[Start of section]

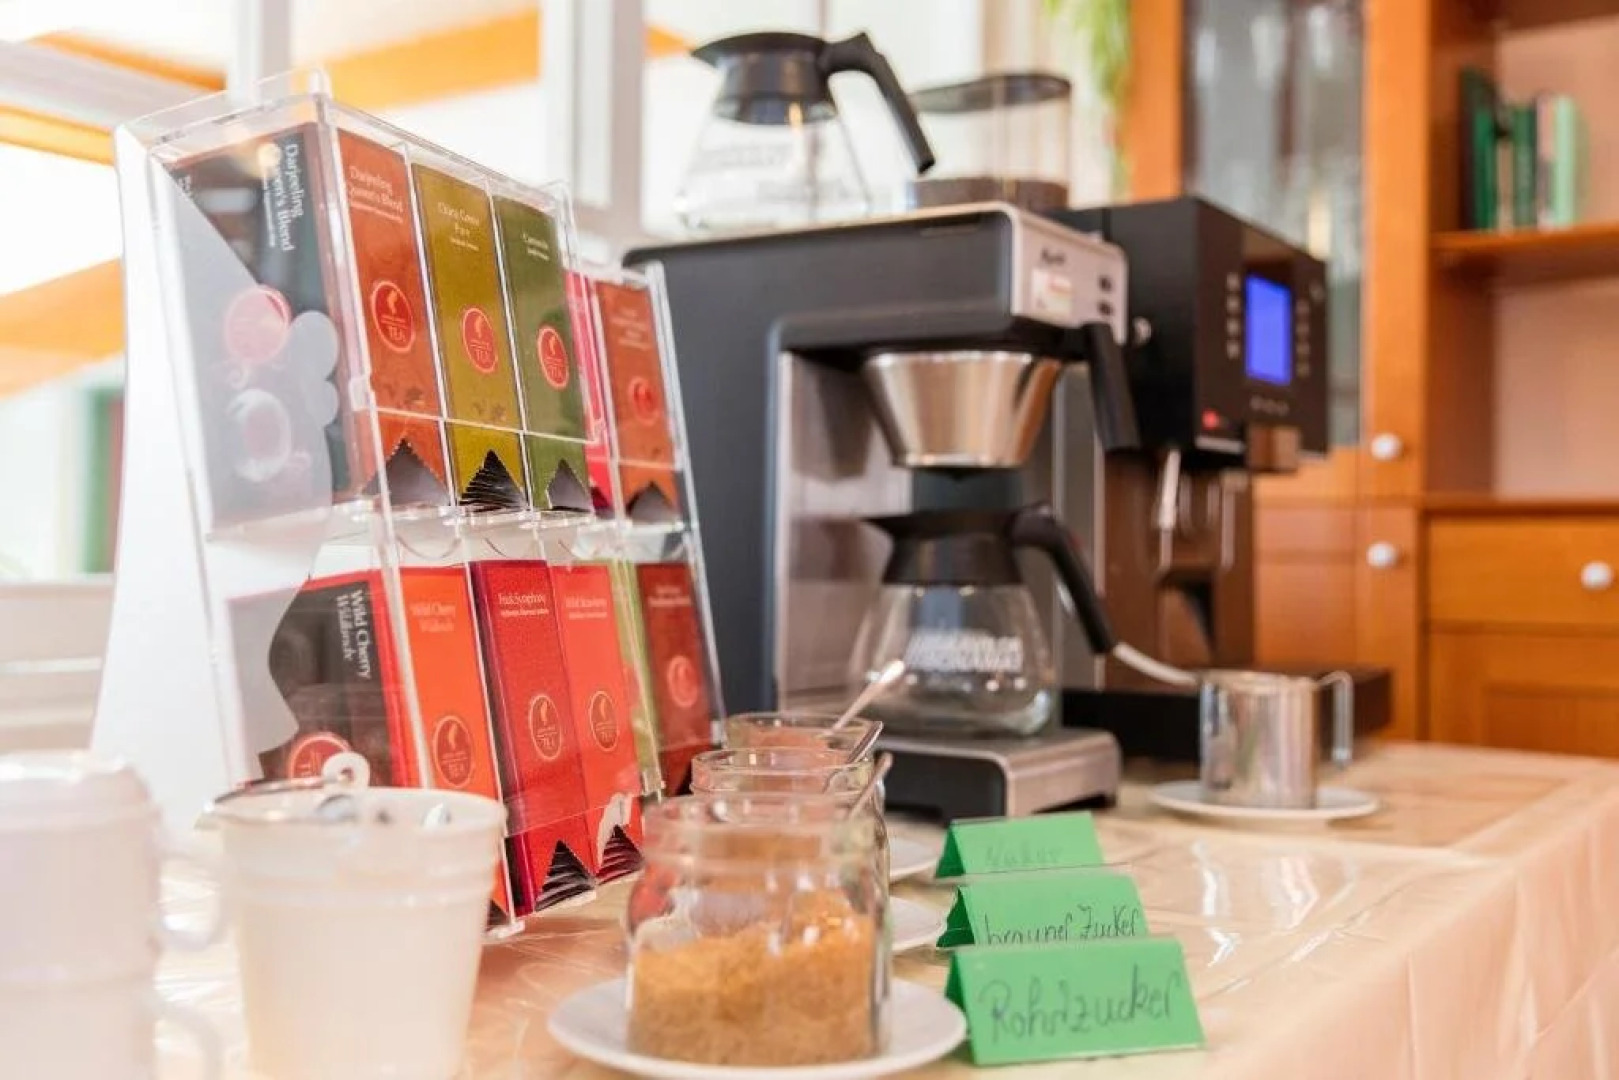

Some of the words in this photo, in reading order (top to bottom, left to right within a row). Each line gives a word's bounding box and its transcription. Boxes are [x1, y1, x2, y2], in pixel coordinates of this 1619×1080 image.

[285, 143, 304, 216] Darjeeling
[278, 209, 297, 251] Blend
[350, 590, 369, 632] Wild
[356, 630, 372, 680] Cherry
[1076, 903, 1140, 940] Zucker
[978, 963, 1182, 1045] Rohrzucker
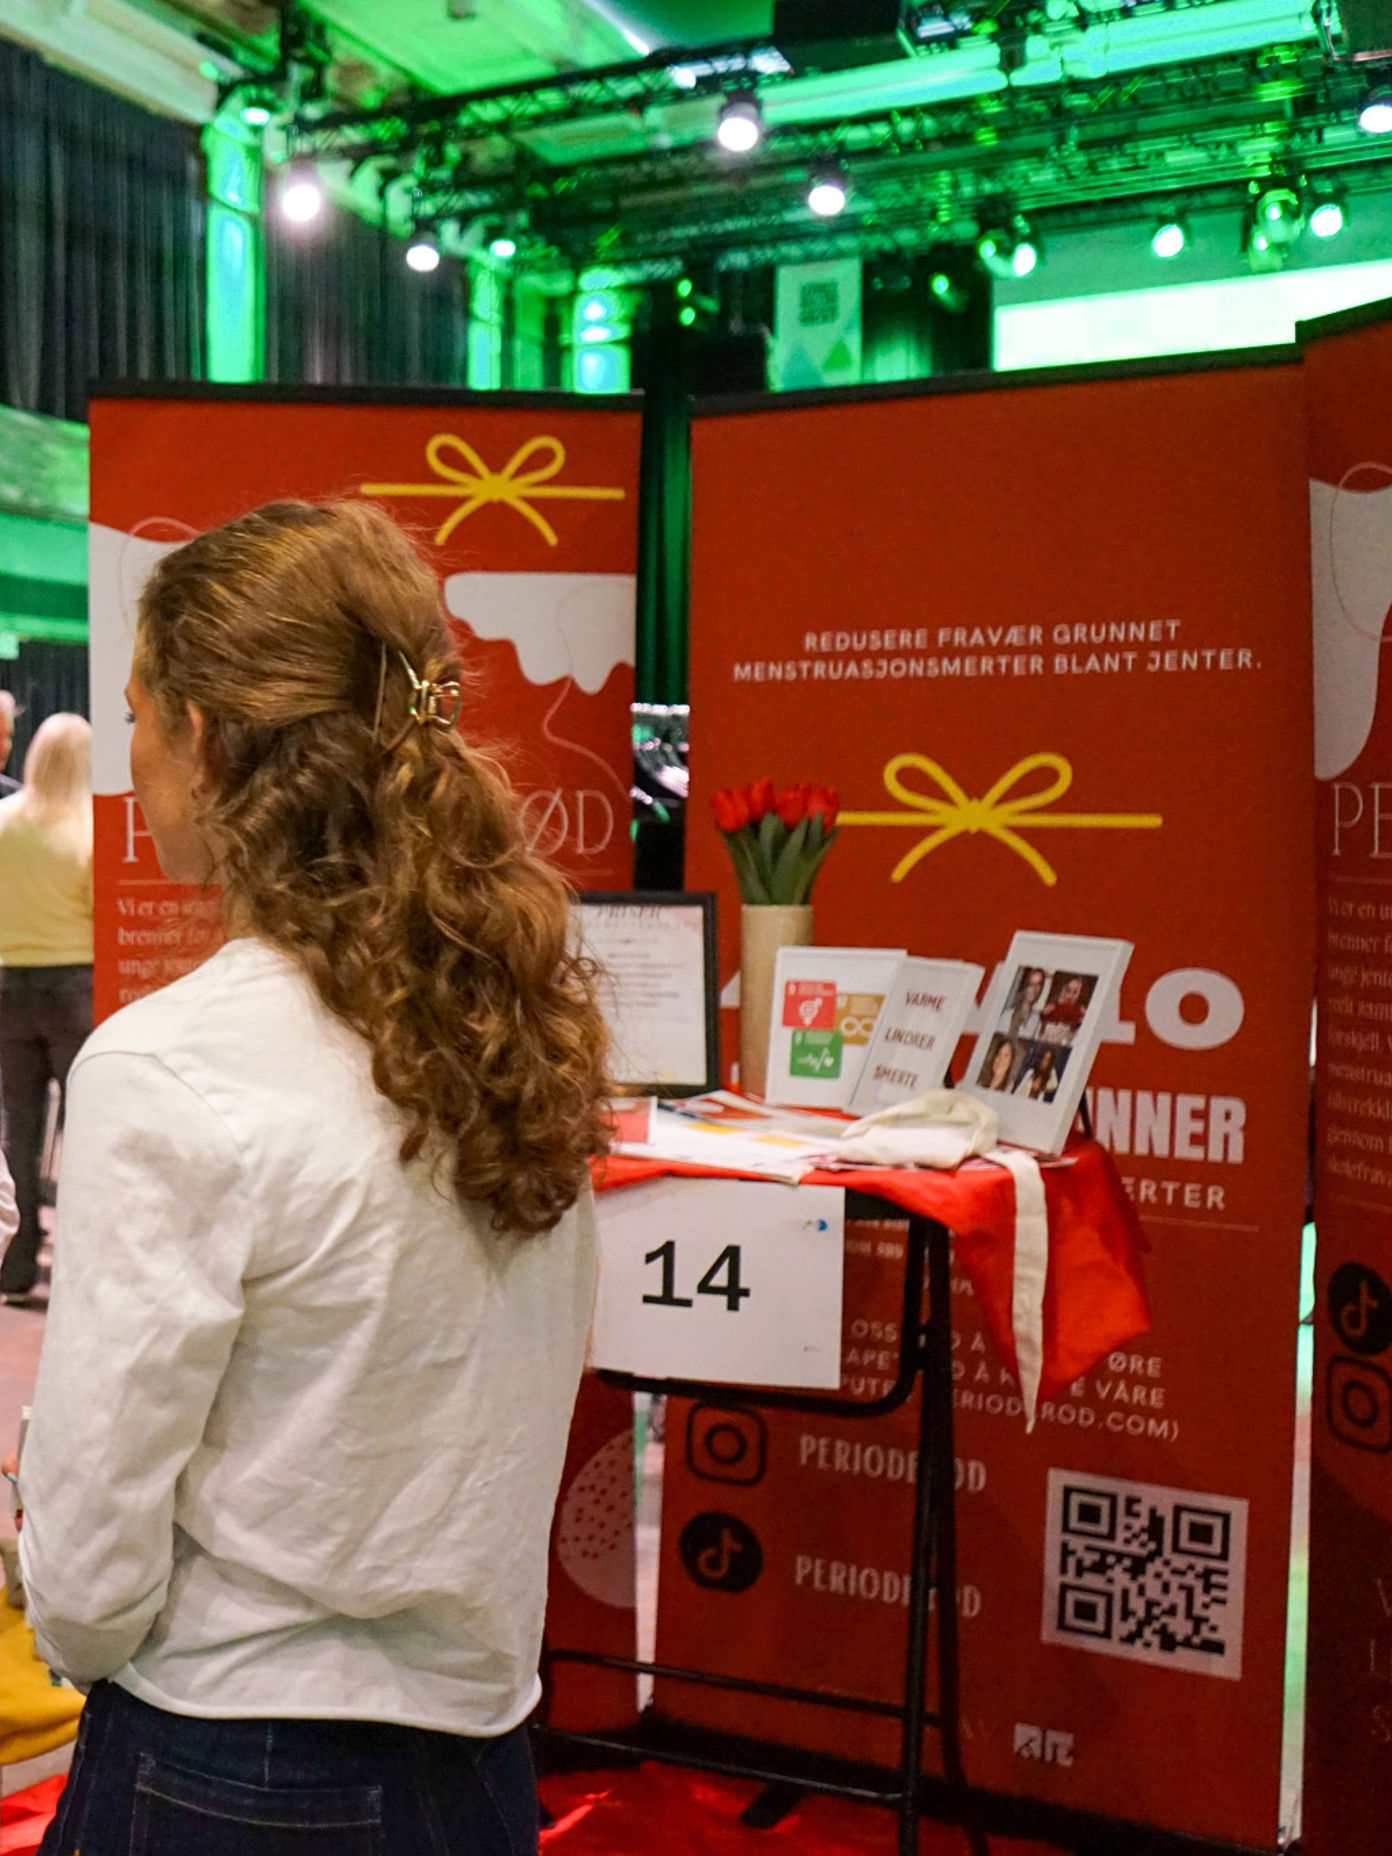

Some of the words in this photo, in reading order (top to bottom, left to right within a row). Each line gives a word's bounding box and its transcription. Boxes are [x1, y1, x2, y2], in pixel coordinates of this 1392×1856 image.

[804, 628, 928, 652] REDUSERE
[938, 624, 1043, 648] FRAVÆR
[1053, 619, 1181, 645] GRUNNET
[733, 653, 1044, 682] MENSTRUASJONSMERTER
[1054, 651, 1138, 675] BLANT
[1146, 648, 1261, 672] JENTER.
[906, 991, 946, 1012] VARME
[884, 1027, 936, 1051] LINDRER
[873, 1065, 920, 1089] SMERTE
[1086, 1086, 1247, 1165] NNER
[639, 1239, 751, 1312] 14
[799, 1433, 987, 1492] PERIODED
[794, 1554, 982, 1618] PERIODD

[End of section]

• Your instructions:
Would you give the data above again word for word, skipping any images?

• Answer section:
Some of the words in this photo, in reading order (top to bottom, left to right within a row). Each line gives a word's bounding box and its transcription. Boxes are [x1, y1, x2, y2], in pixel coordinates of this 1619×1080 image.

[285, 143, 304, 216] Darjeeling
[278, 209, 297, 251] Blend
[350, 590, 369, 632] Wild
[356, 630, 372, 680] Cherry
[1076, 903, 1140, 940] Zucker
[978, 963, 1182, 1045] Rohrzucker

Some of the words in this photo, in reading order (top to bottom, left to right within a row). Each line gives a word's bounding box and its transcription. Boxes are [x1, y1, x2, y2], in pixel coordinates of this 1392×1856 image.

[804, 628, 928, 652] REDUSERE
[938, 624, 1043, 648] FRAVÆR
[1053, 619, 1181, 645] GRUNNET
[733, 653, 1044, 682] MENSTRUASJONSMERTER
[1054, 651, 1138, 675] BLANT
[1146, 648, 1261, 672] JENTER.
[906, 991, 946, 1012] VARME
[884, 1027, 936, 1051] LINDRER
[873, 1065, 920, 1089] SMERTE
[1086, 1086, 1247, 1165] NNER
[639, 1239, 751, 1312] 14
[799, 1433, 987, 1492] PERIODED
[794, 1554, 982, 1618] PERIODD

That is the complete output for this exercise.